ANNÉES DE FORMATION

Pourquoi ai-je choisi de faire médecine ? Avant le bac, ça n’était pas très clair pour moi. J’hésitais entre une école d’ingénieur, une école de commerce ou médecine. En terminale, j’ai finalement choisi médecine.

Dans ma famille, je suis la cinquième génération de médecins. C’est un honneur, au sens latin : une lourde responsabilité, mais aussi une source de fierté et un appui pour mieux faire.

Mon père ne m’a jamais poussé à entreprendre ces études. Pour lui, la médecine n’était pas une charge que l’on transmet à ses enfants, mais un engagement personnel et sincère. Pourtant, cette transmission familiale trône symboliquement dans mon bureau : j’ai hérité d’un bâton d’Esculape en bronze, le fameux serpent enroulé autour d’une canne, sans valeur autre que sentimentale. Ce sceptre païen répond au grand crucifix en biscuit récupéré par mon père dans la poubelle d’un cimetière. Je travaille donc sous bonne garde : le Christ en face de moi et Esculape dans le dos.
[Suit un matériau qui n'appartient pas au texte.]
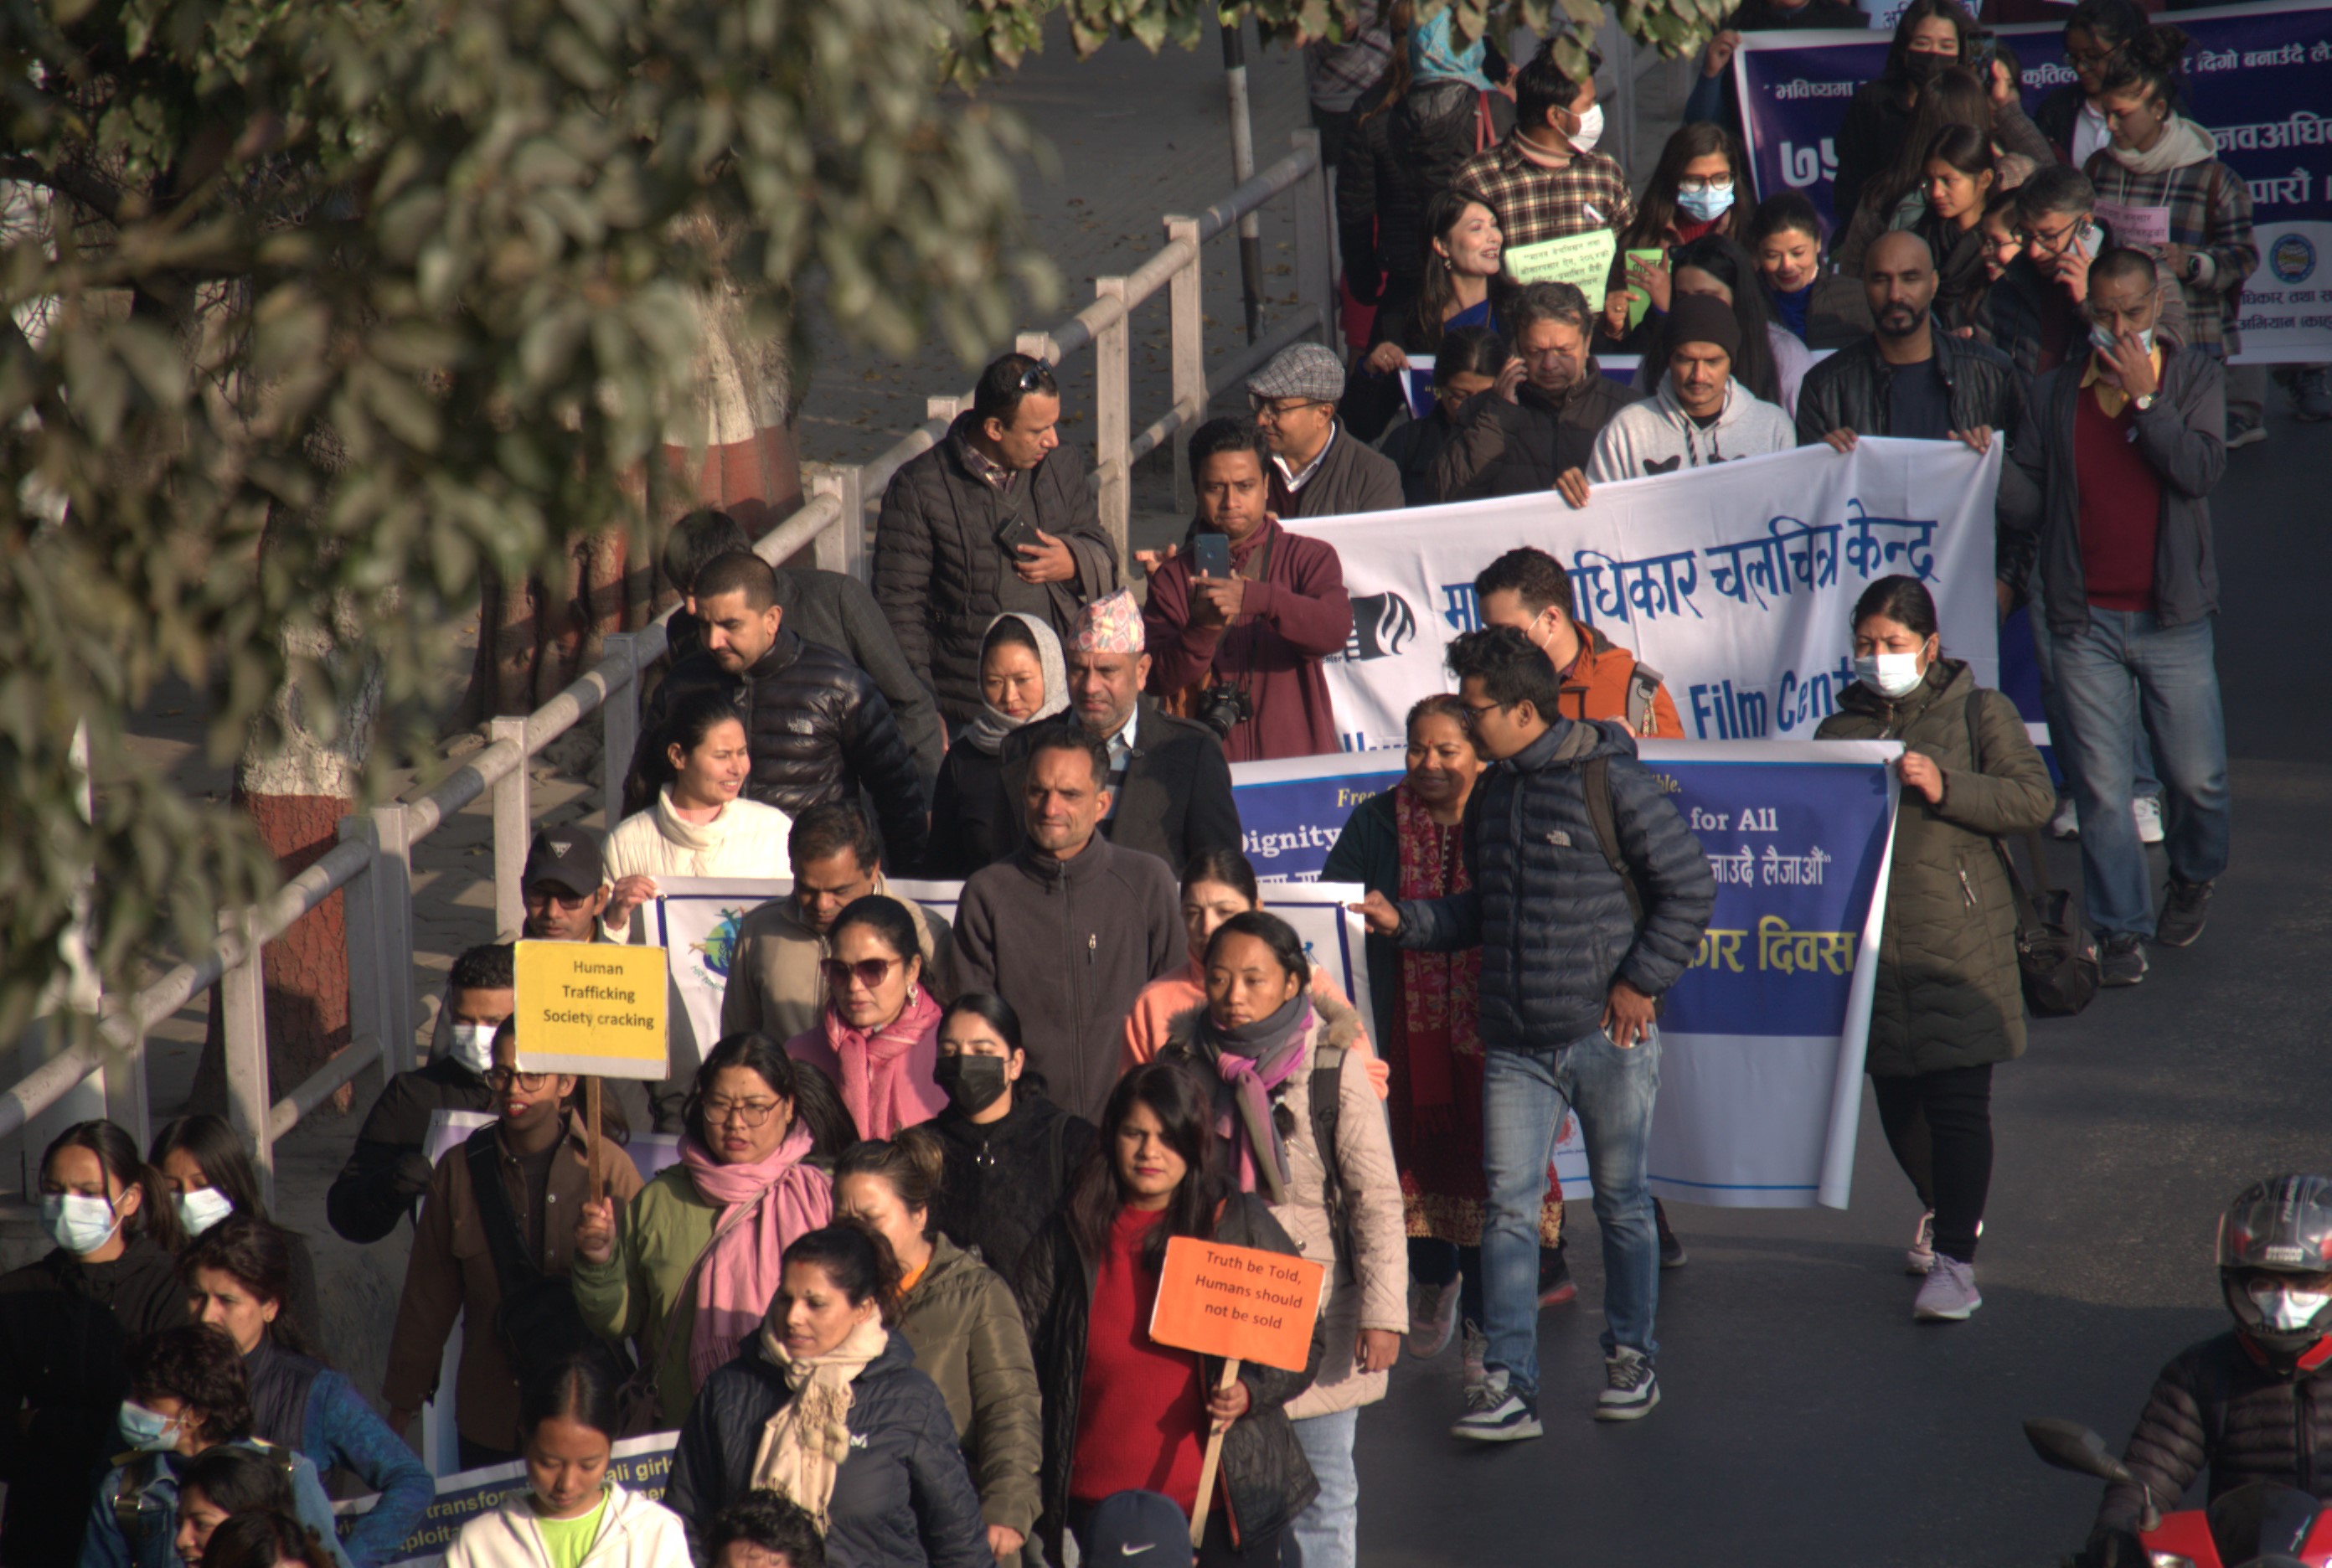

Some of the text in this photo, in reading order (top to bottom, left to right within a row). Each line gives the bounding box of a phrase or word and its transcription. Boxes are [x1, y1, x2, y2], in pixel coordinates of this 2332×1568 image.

J’ai fait ma première année à la faculté de médecine d’État de Lille. N’ayant pas pris le concours assez au sérieux, j’ai échoué. J’ai donc bachoté l’année suivante et, cette fois-ci, je l’ai réussi. Pendant les premières années, je ne me suis pas vraiment senti dans mon élément, car on n’est pas encore au contact du patient. L’externat ne m’a pas passionné, l’externe n’étant que la petite main des internes, sans responsabilité ou réel engagement.
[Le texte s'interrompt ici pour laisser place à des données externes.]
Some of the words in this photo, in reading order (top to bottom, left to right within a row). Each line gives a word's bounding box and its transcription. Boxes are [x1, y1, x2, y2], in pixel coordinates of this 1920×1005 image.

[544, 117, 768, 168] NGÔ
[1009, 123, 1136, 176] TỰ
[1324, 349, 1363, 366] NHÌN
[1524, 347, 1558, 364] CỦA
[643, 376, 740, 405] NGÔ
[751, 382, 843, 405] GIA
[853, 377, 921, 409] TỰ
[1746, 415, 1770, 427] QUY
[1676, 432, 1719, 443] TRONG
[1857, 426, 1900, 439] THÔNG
Tout a changé quand je suis passé interne, quand j’ai commencé à soigner, en étant responsable de la vie des patients. C’est devenu une sorte de drogue. Je me rappelle très bien, lors de mes premières gardes, la satisfaction d’avoir pris en charge un patient, de lui avoir sauvé la vie, ou d’avoir simplement trouvé les mots qui soignent et qui rassurent. C’est à ce moment-là que j’ai vraiment pris conscience du sens de mon métier.

Mes années d’internat ont été riches. J’ai commencé par un stage en pédiatrie-gynécologie à Douai. La première chose que j’y ai apprise, c’est à me débrouiller tout seul en tant qu’interne. Pendant les trois premiers mois, il n’y avait personne, pas de chef, sinon au plan administratif. Je gérais seul les entrées pendant mes gardes. Je pouvais appeler le chef en cas de besoin, mais j’avais intérêt à savoir pourquoi, car il vivait assez loin et n’aurait pas apprécié un déplacement inutile. J’ai donc géré en solitaire beaucoup de situations, dont certaines très délicates. C’est là que j’ai pris conscience des responsabilités du médecin. J’y ai appris à me débrouiller, à faire face.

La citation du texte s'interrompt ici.